» EXERCISE
The reply should hold every entry exactly as written and none of the pictures.

» DATA FOR REVIEW
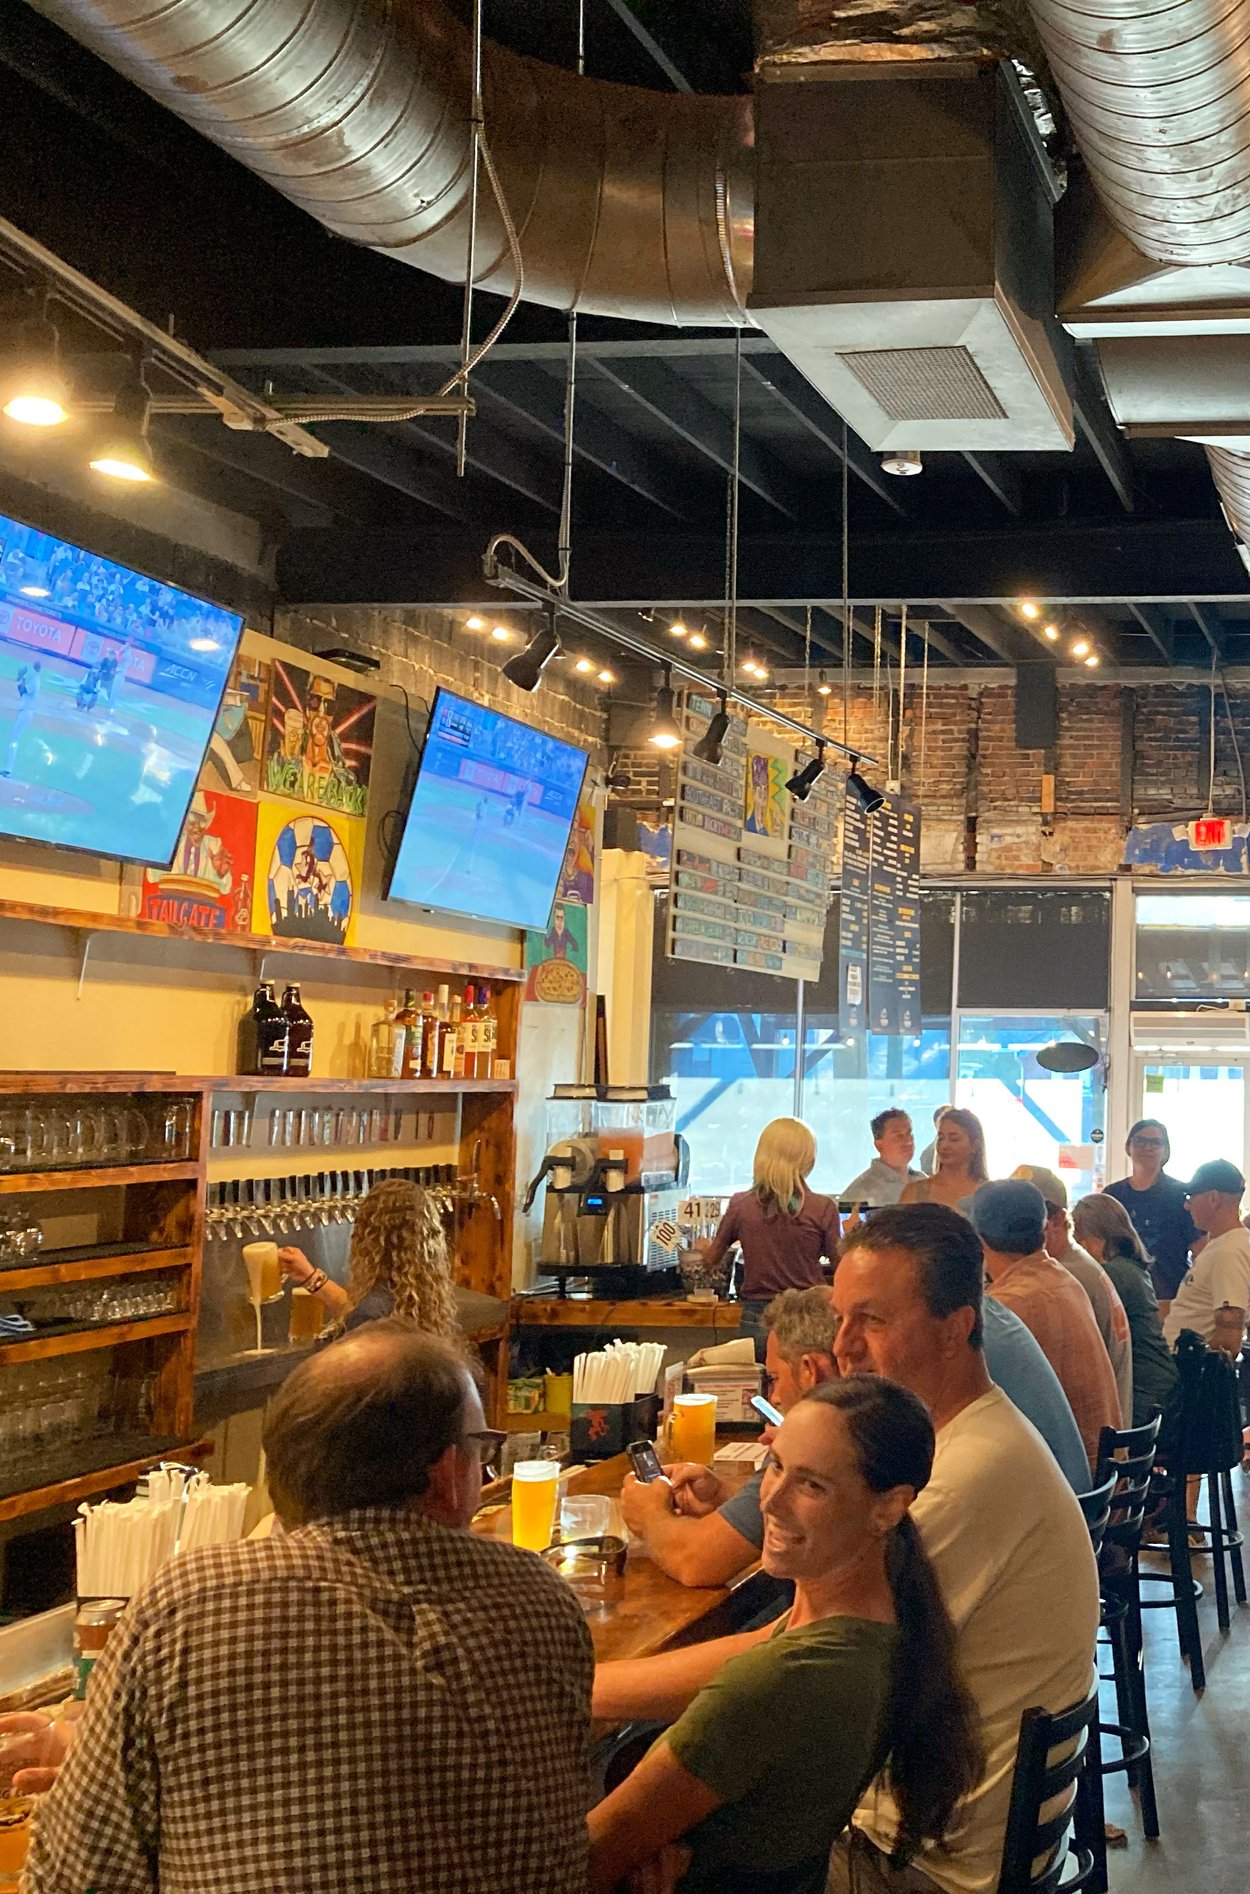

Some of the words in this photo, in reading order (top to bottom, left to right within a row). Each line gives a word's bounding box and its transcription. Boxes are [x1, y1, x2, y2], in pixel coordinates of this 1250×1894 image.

[17, 616, 62, 642] TOYOTA
[149, 898, 220, 929] TAILGATE
[684, 1202, 701, 1218] 41
[656, 1222, 676, 1246] 100
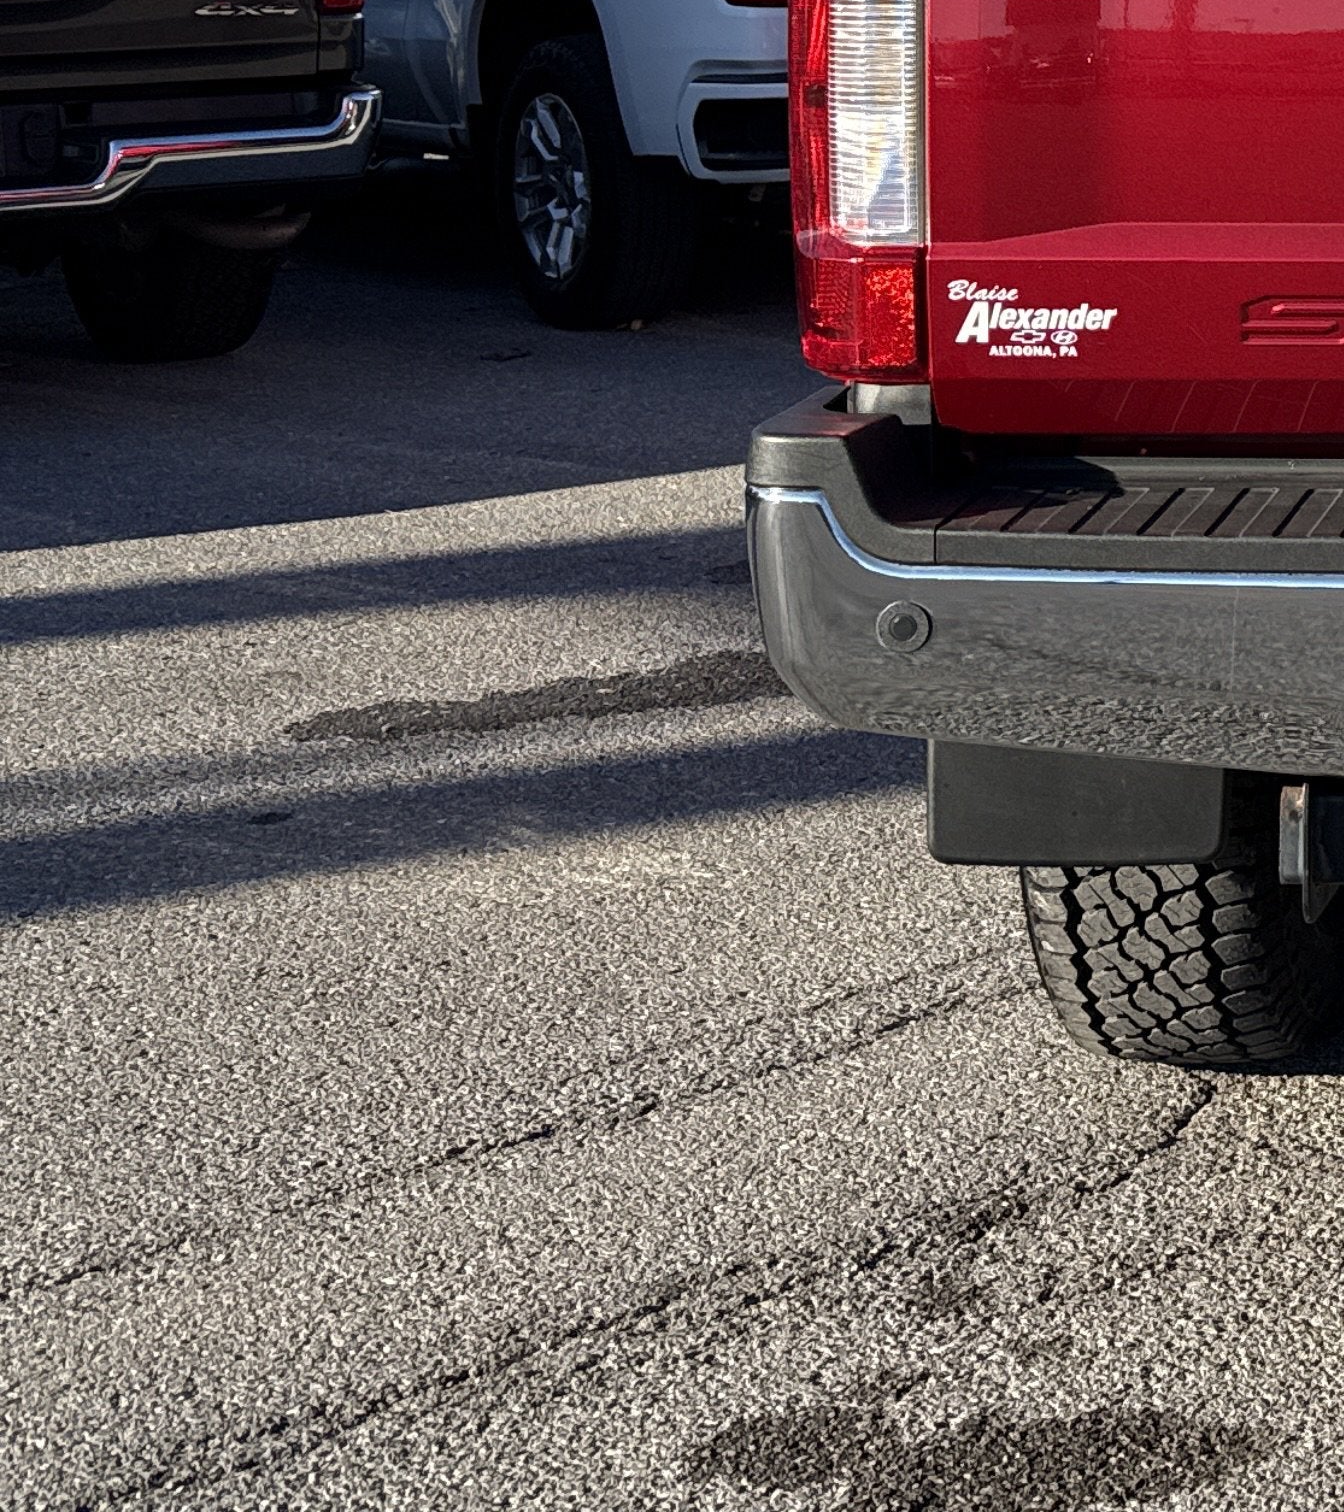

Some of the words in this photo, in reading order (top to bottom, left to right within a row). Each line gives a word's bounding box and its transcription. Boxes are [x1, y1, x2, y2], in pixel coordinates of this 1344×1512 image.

[947, 279, 1019, 301] Blaise
[955, 301, 1118, 343] Alexander
[989, 346, 1057, 358] ALTOONA,
[1059, 346, 1078, 357] PA
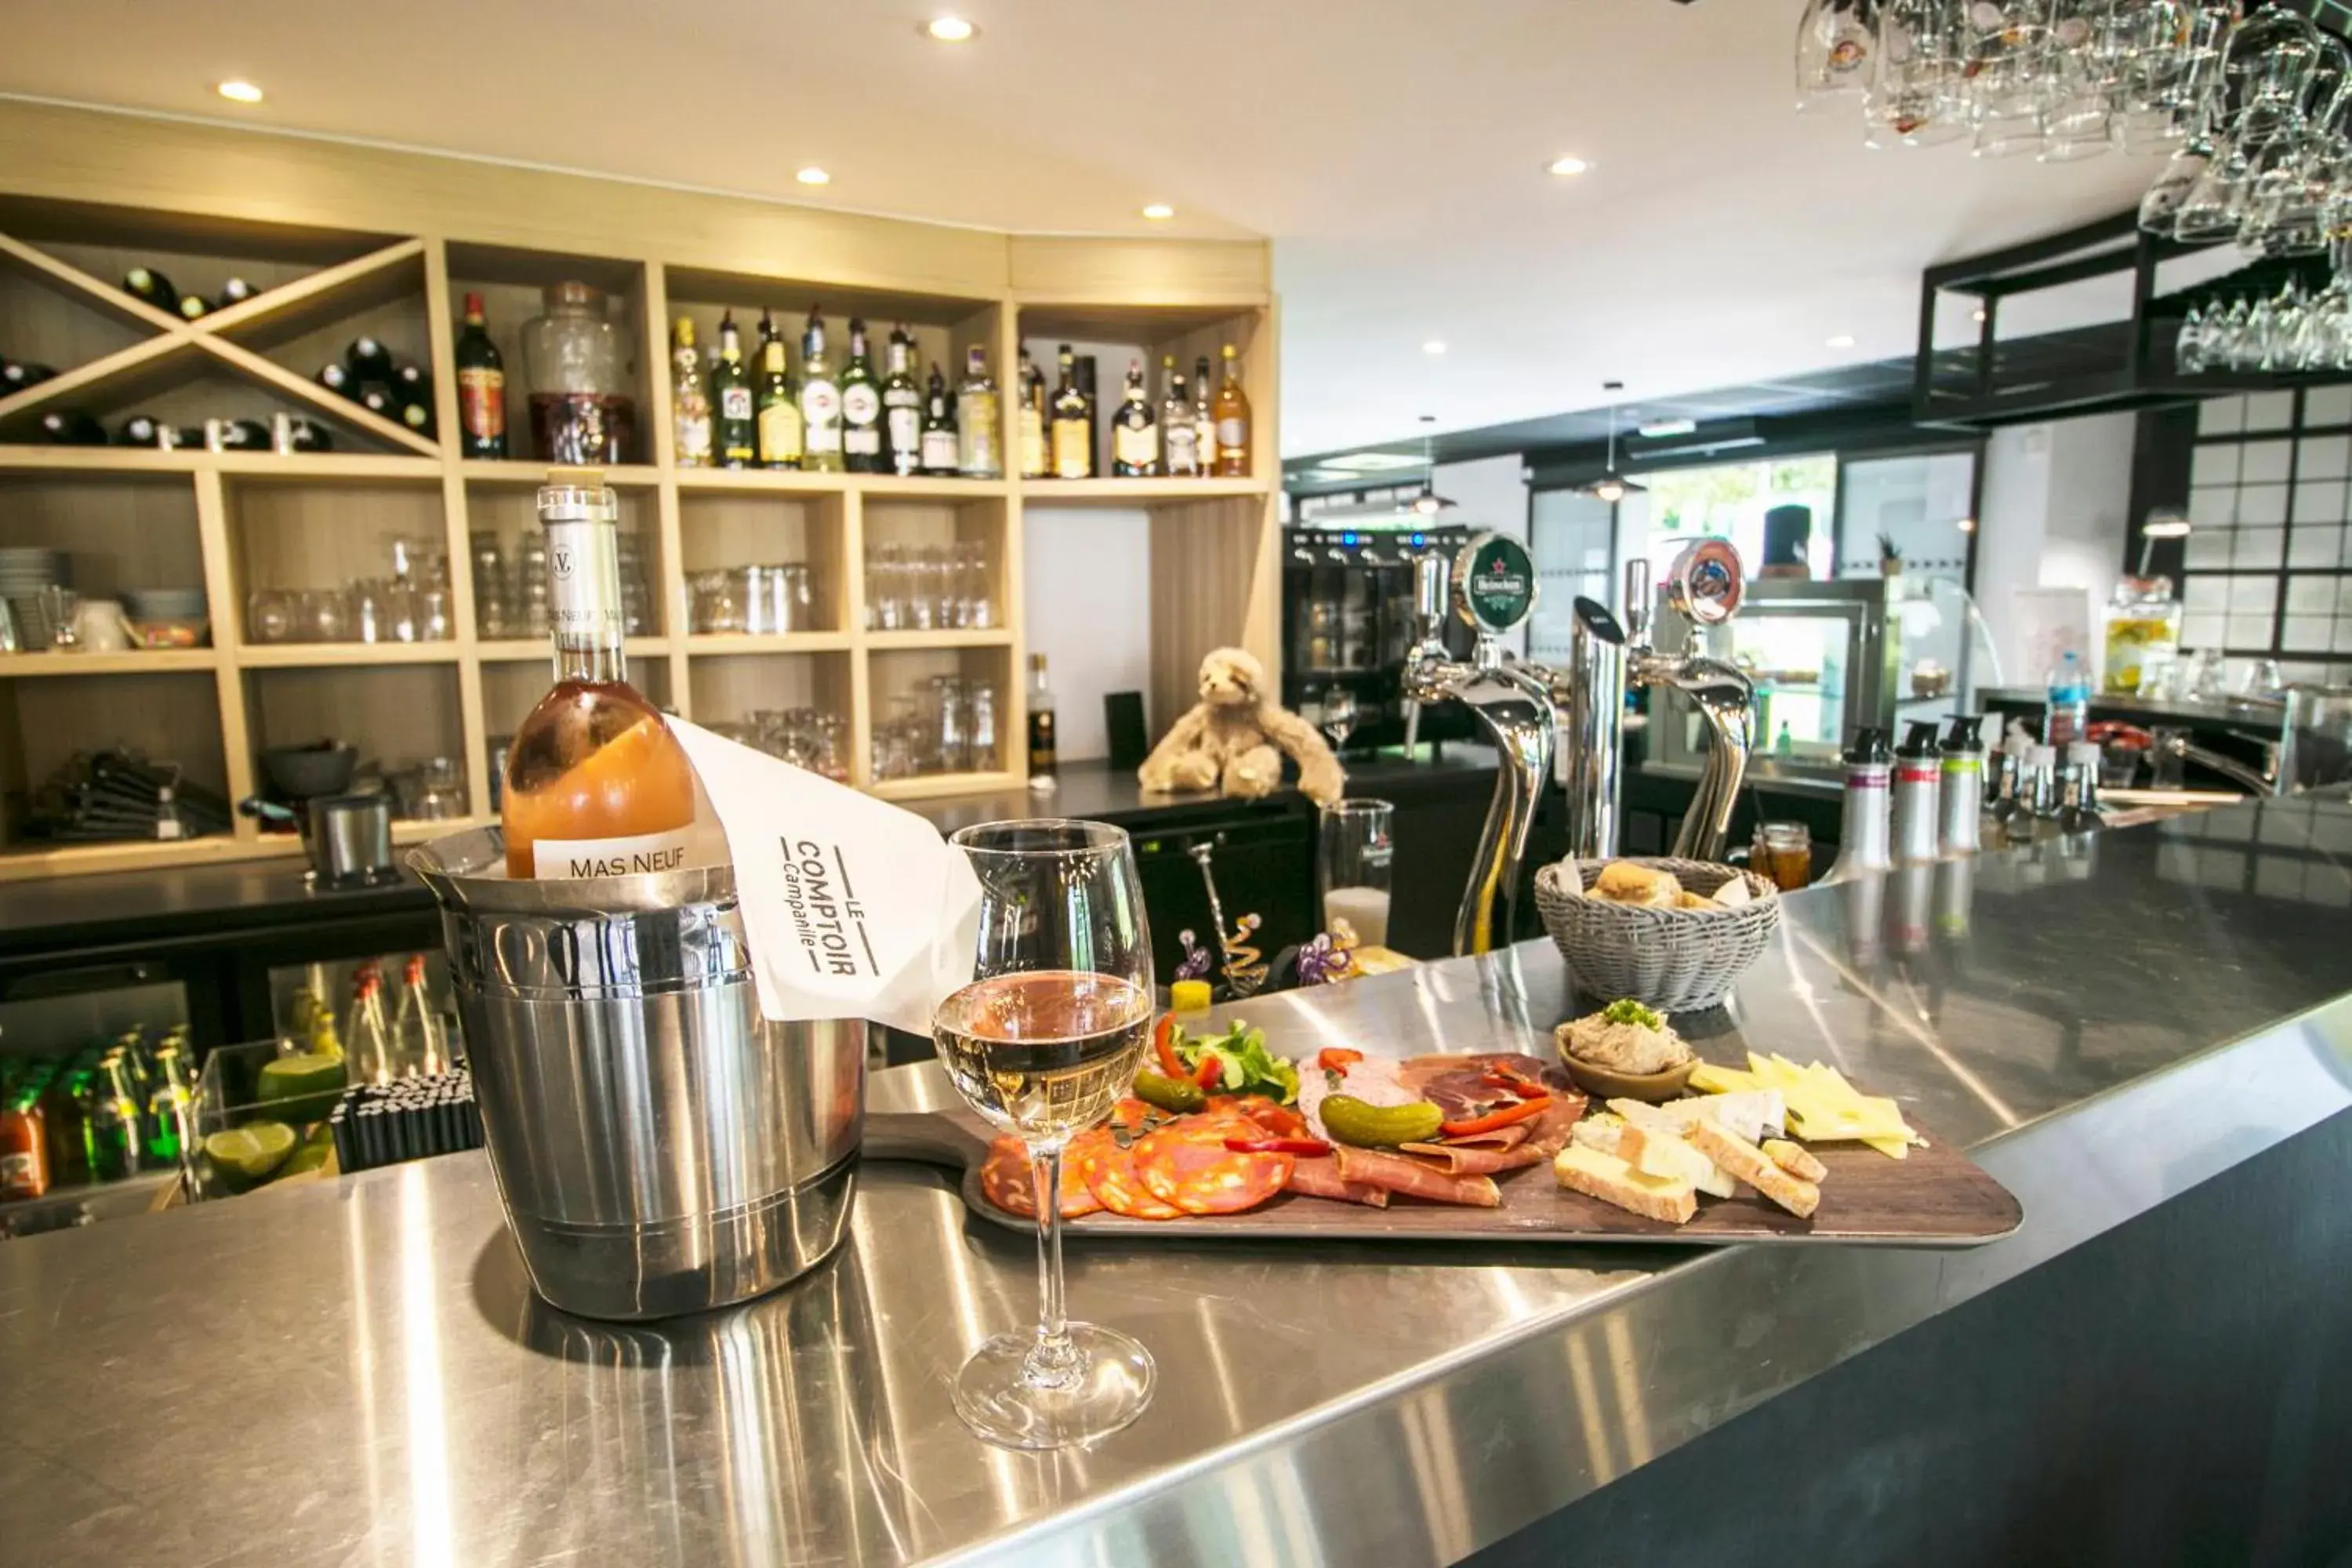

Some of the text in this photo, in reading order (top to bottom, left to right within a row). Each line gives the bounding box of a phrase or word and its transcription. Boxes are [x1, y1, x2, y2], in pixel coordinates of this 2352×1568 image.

[570, 846, 684, 877] MAS NEUF
[783, 862, 816, 947] Campanile
[797, 840, 857, 976] COMPTOIR
[844, 901, 865, 919] LE

» ANSWER BOX
Some of the words in this photo, in reading order (top to bottom, left to right within a row). Each line gives a word's bounding box and its transcription. Boxes are [x1, y1, x2, y2], in pixel coordinates of this 1250×1894 image.

[17, 616, 62, 642] TOYOTA
[149, 898, 220, 929] TAILGATE
[684, 1202, 701, 1218] 41
[656, 1222, 676, 1246] 100

Some of the words in this photo, in reading order (top to bottom, left to right within a row). Each line gives a word's bounding box and its transcription. Boxes are [x1, y1, x2, y2], in pixel coordinates of this 1344×1512 image.

[947, 279, 1019, 301] Blaise
[955, 301, 1118, 343] Alexander
[989, 346, 1057, 358] ALTOONA,
[1059, 346, 1078, 357] PA

Some of the text in this photo, in reading order (top to bottom, left to right within a row). Each line gives the bounding box of a phrase or word and its transcription. Boxes are [x1, y1, x2, y2], in pixel coordinates of this 2352×1568 image.

[570, 846, 684, 877] MAS NEUF
[783, 862, 816, 947] Campanile
[797, 840, 857, 976] COMPTOIR
[844, 901, 865, 919] LE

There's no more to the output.